The input:
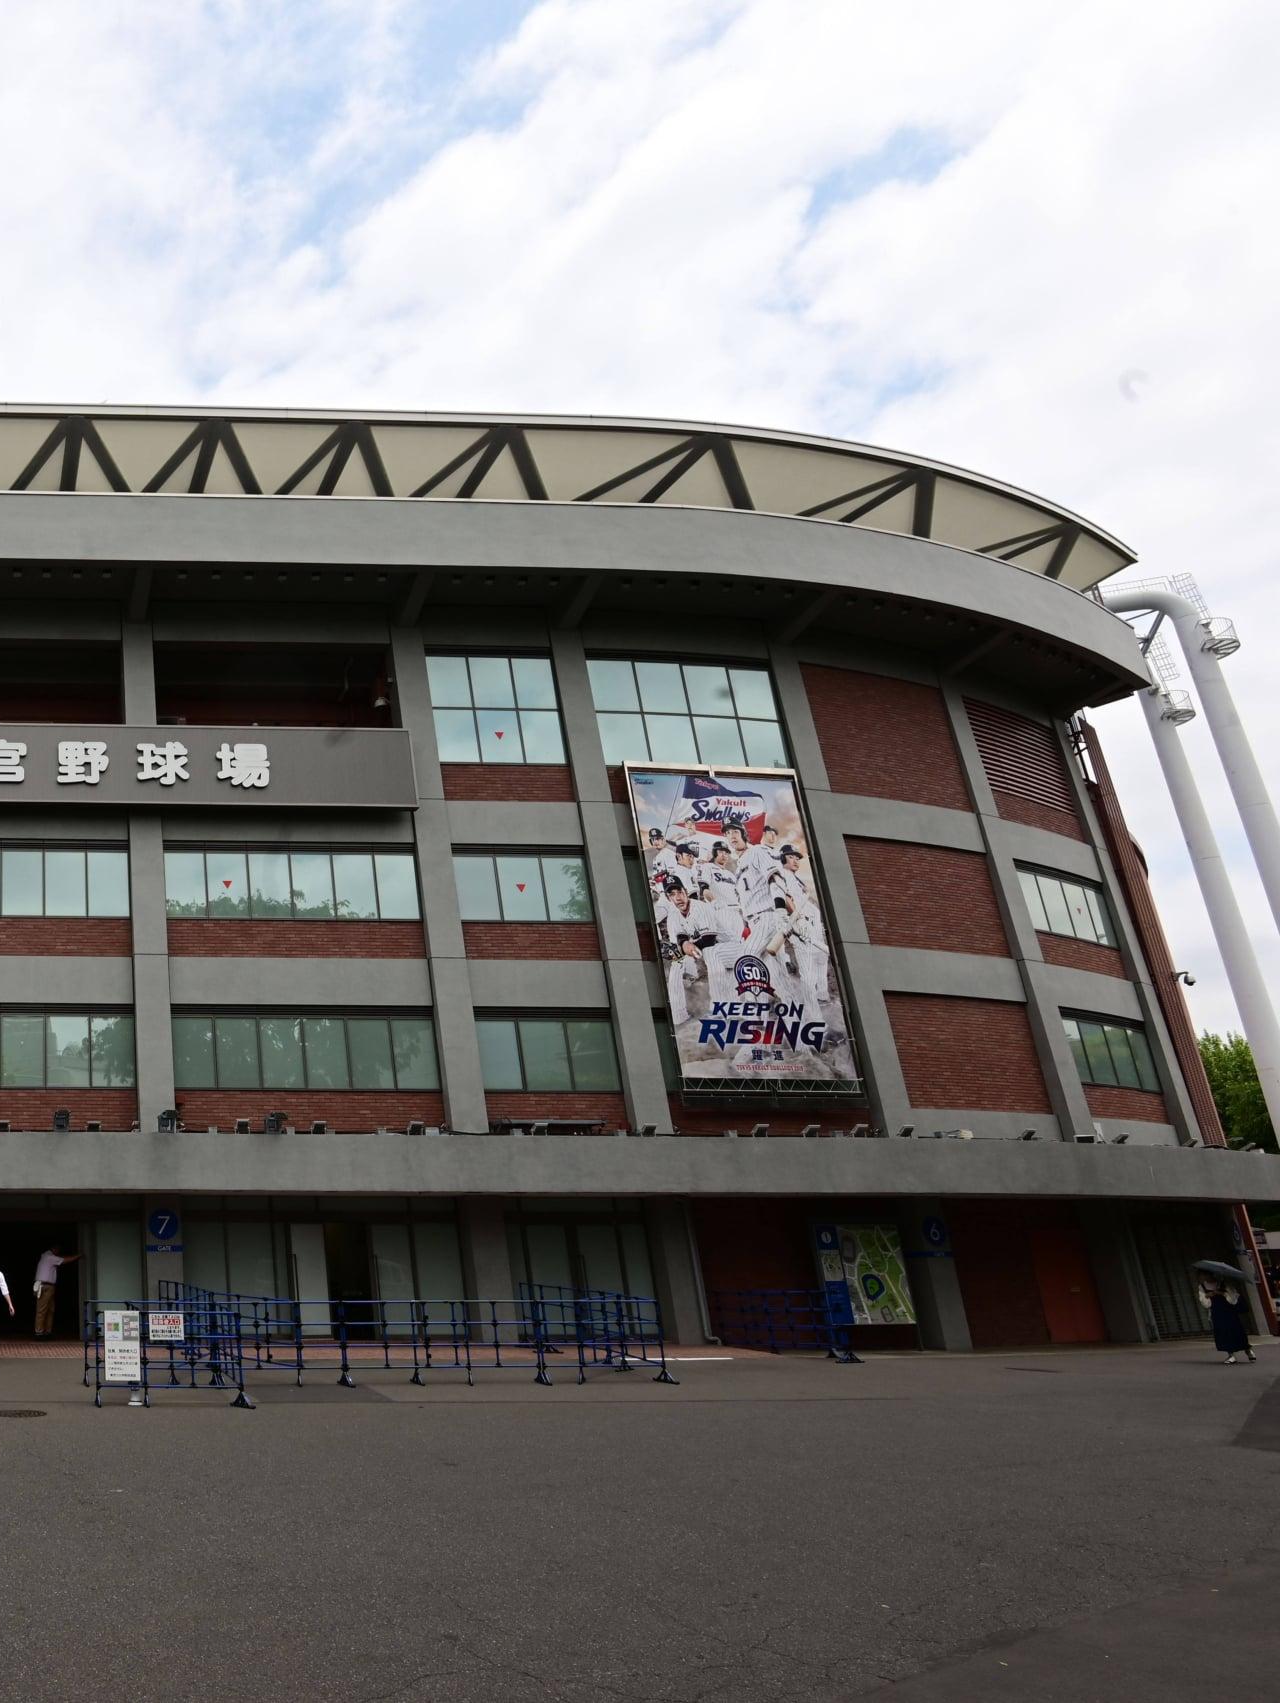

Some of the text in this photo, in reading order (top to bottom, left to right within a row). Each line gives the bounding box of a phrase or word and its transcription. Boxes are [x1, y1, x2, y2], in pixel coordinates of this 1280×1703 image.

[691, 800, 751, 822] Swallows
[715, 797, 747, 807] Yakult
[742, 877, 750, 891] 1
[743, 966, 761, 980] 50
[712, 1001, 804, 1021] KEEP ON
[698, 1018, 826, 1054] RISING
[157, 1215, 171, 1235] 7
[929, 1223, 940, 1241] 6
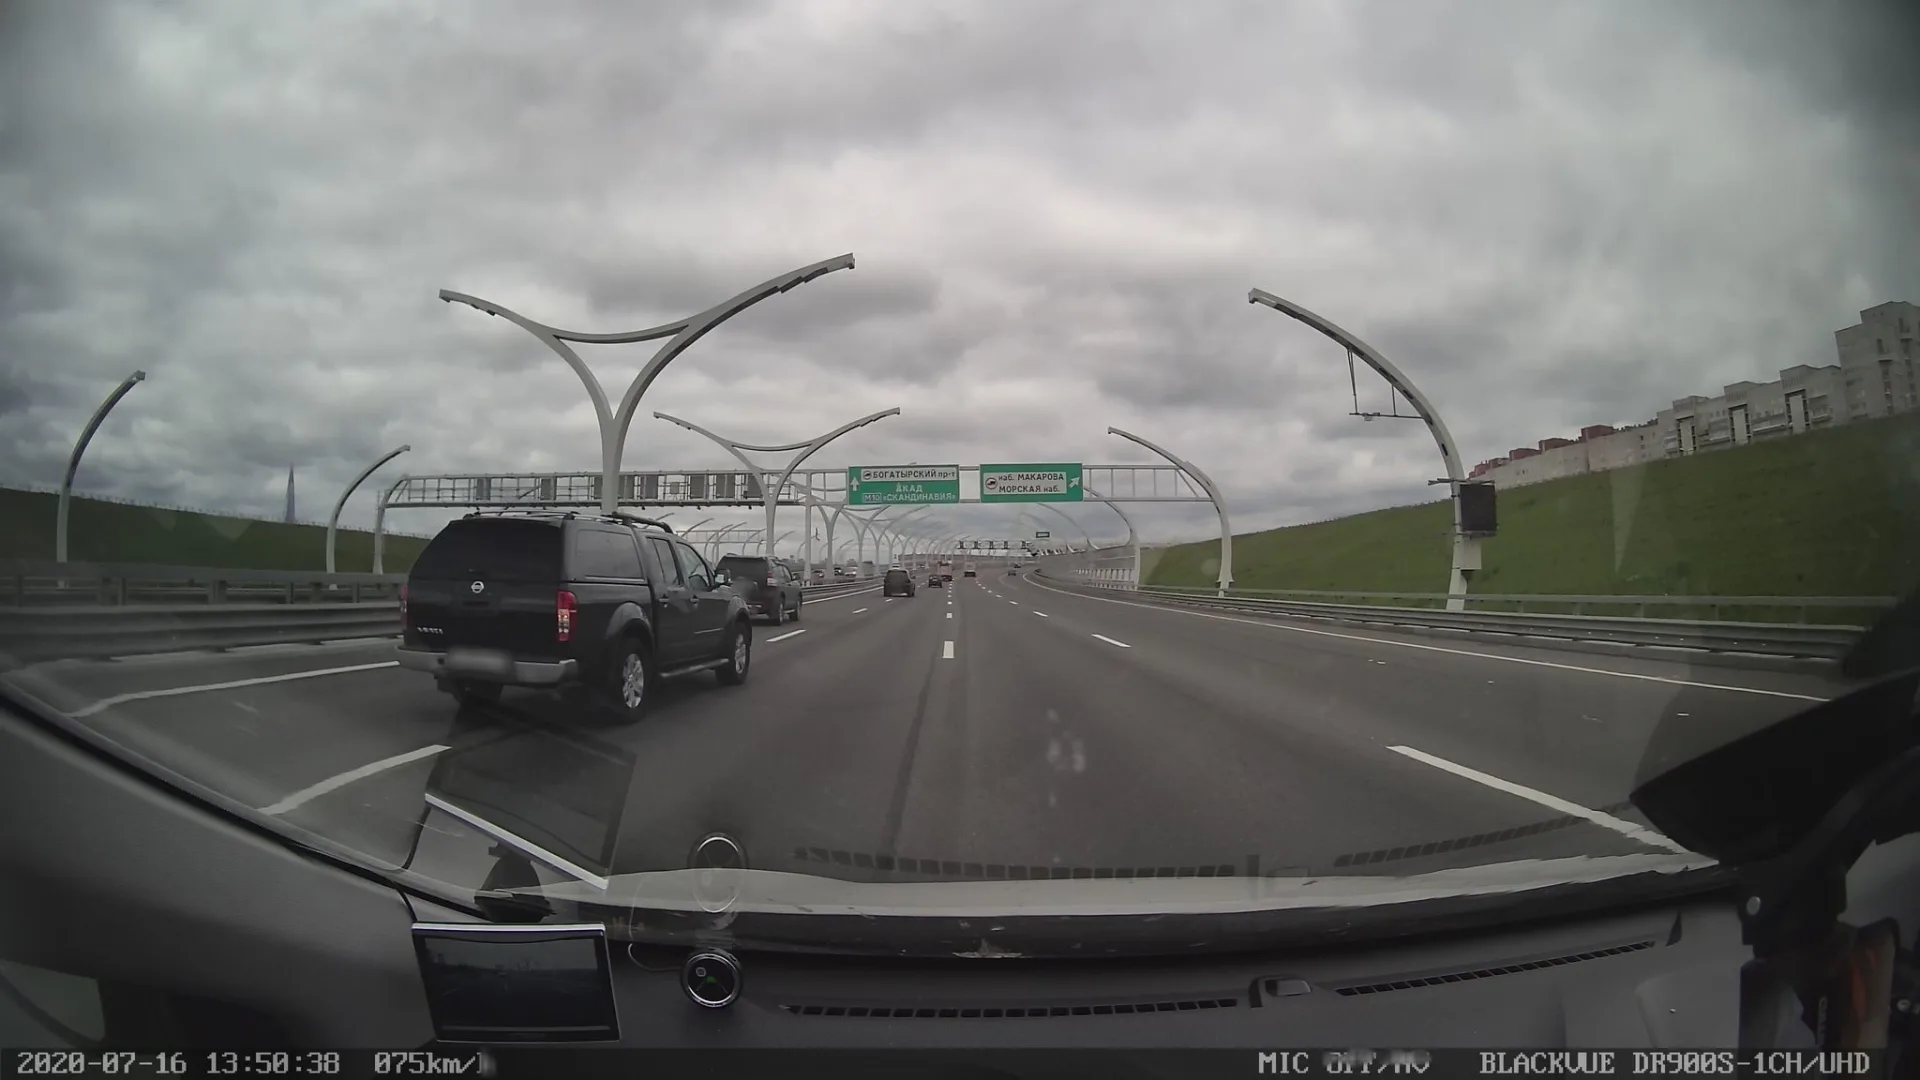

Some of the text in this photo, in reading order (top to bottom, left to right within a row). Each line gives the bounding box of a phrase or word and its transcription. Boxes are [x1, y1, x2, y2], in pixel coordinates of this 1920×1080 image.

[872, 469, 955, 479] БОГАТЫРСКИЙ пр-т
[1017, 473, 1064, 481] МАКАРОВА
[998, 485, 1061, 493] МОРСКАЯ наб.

Work task:
Nothing but the pictures should be left out when the listing above is transcribed.

Output for this task:
Some of the text in this photo, in reading order (top to bottom, left to right within a row). Each line gives the bounding box of a phrase or word and its transcription. Boxes are [x1, y1, x2, y2], in pixel coordinates of this 1280×1703 image.

[691, 800, 751, 822] Swallows
[715, 797, 747, 807] Yakult
[742, 877, 750, 891] 1
[743, 966, 761, 980] 50
[712, 1001, 804, 1021] KEEP ON
[698, 1018, 826, 1054] RISING
[157, 1215, 171, 1235] 7
[929, 1223, 940, 1241] 6

Some of the text in this photo, in reading order (top to bottom, left to right within a row). Each line gives the bounding box of a phrase or word and its transcription. Boxes are [x1, y1, x2, y2], in pixel coordinates of this 1920×1080 image.

[872, 469, 955, 479] БОГАТЫРСКИЙ пр-т
[1017, 473, 1064, 481] МАКАРОВА
[998, 485, 1061, 493] МОРСКАЯ наб.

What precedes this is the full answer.